El acuerdo Sykes-Picot fue un pacto secreto entre Gran Bretaña y Francia, con el consentimiento de la Rusia aún presoviética, para el reparto de las posesiones del Imperio Otomano en Oriente Próximo tras la Primera Guerra Mundial. Ratificado en mayo de 1916, el acuerdo estipulaba que —pese a las promesas realizadas a los árabes a cambio de su levantamiento contra los turcos— Siria, Irak, Líbano y Palestina se dividirían en áreas administradas por británicos y franceses.
Finalmente, en la Conferencia de Paz de París (1919) se optó por un reparto de territorios entre británicos y franceses bajo la forma de mandatos de la Sociedad de Naciones.

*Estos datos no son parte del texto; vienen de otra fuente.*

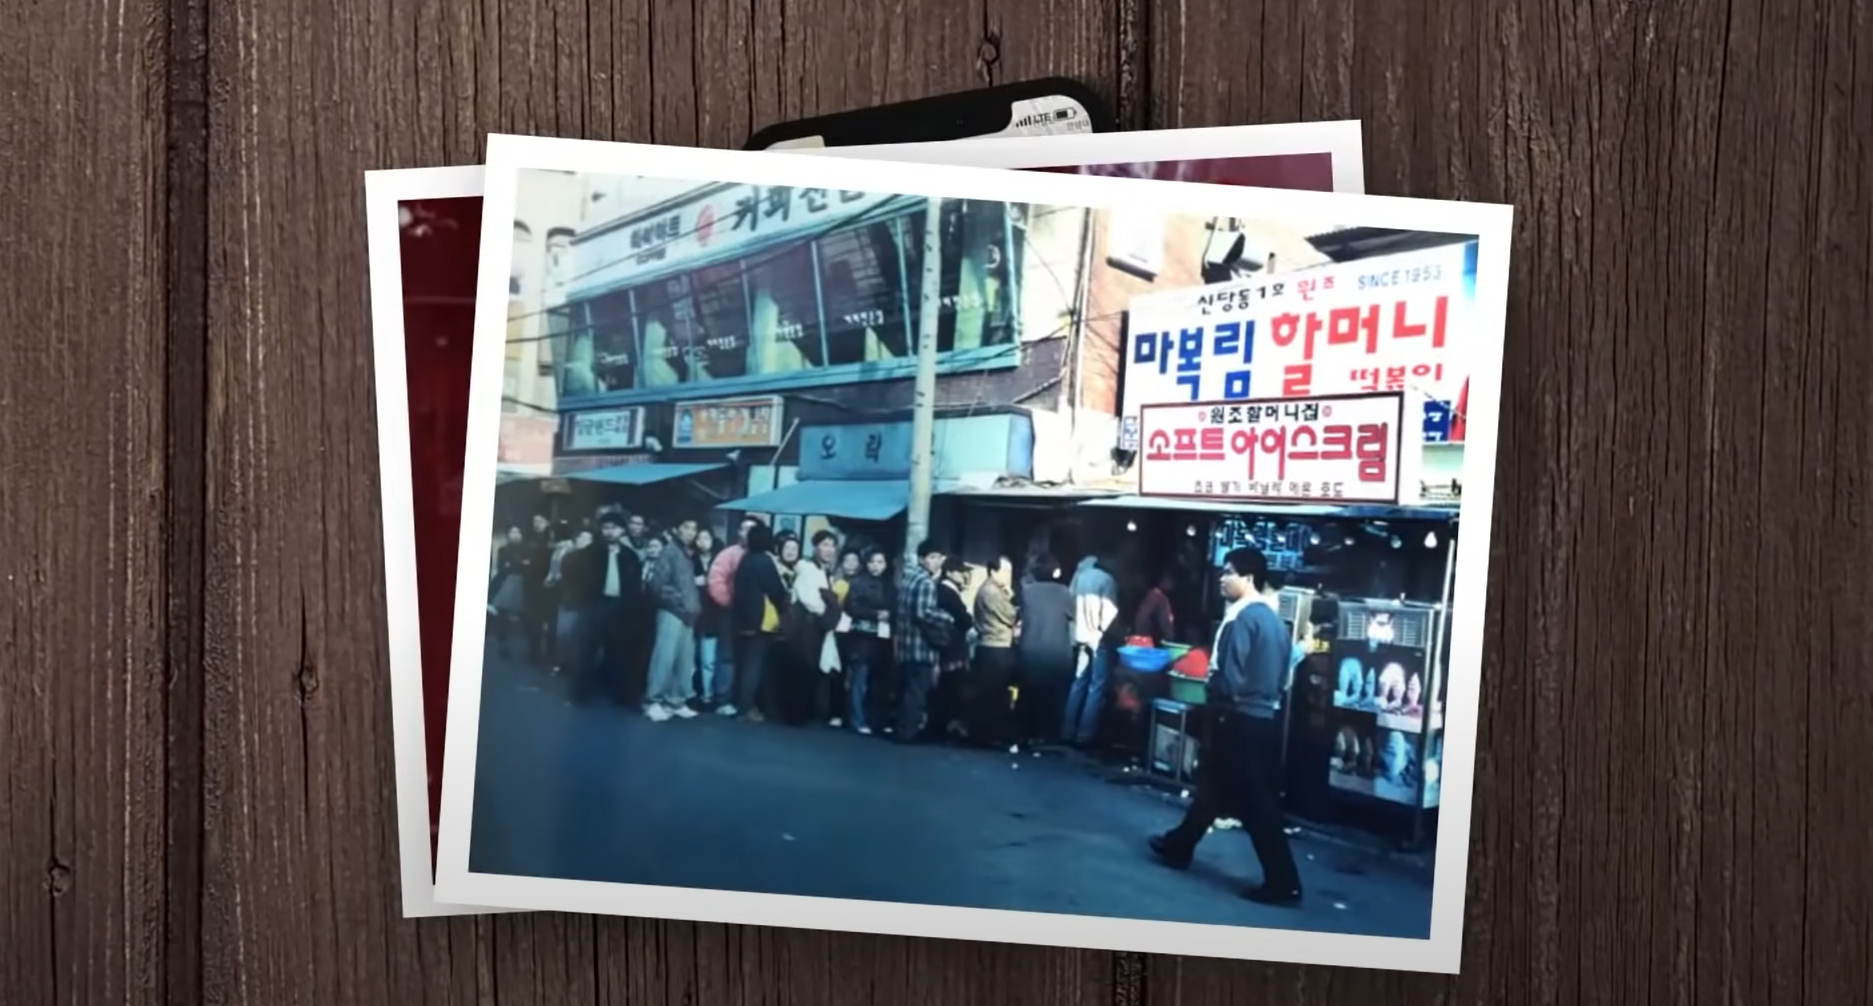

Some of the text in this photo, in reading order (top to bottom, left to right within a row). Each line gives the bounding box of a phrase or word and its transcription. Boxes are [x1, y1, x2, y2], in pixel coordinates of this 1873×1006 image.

[1033, 112, 1051, 124] LTE
[1197, 284, 1251, 316] 신당동
[1133, 296, 1448, 401] 마복림 할머니

El acuerdo toma su nombre de sus dos principales negociadores, Sir Mark Sykes (por Gran Bretaña) y François Georges-Picot (por Francia). Tras una serie de conversaciones que habían comenzado en noviembre de 1915, los términos del pacto fueron detallados en una carta que el embajador francés en Londres, Paul Cambon, envió al ministro de Exteriores británico, Edward Grey, el 9 de mayo de 1916. El pacto fue confirmado unos días después, el 16 de mayo, en la carta con la que Grey contestó a Cambon (reproducida a continuación). El documento final se firmó el 19 de mayo, a lo que siguió un intercambio de notas formales el día 21 de ese mismo mes.
Tras el triunfo de la Revolución Rusa, el acuerdo fue divulgado por los bolcheviques el 23 de noviembre de 1917, y publicado asimismo tres días más tarde en el diario británico The Manchester Guardian.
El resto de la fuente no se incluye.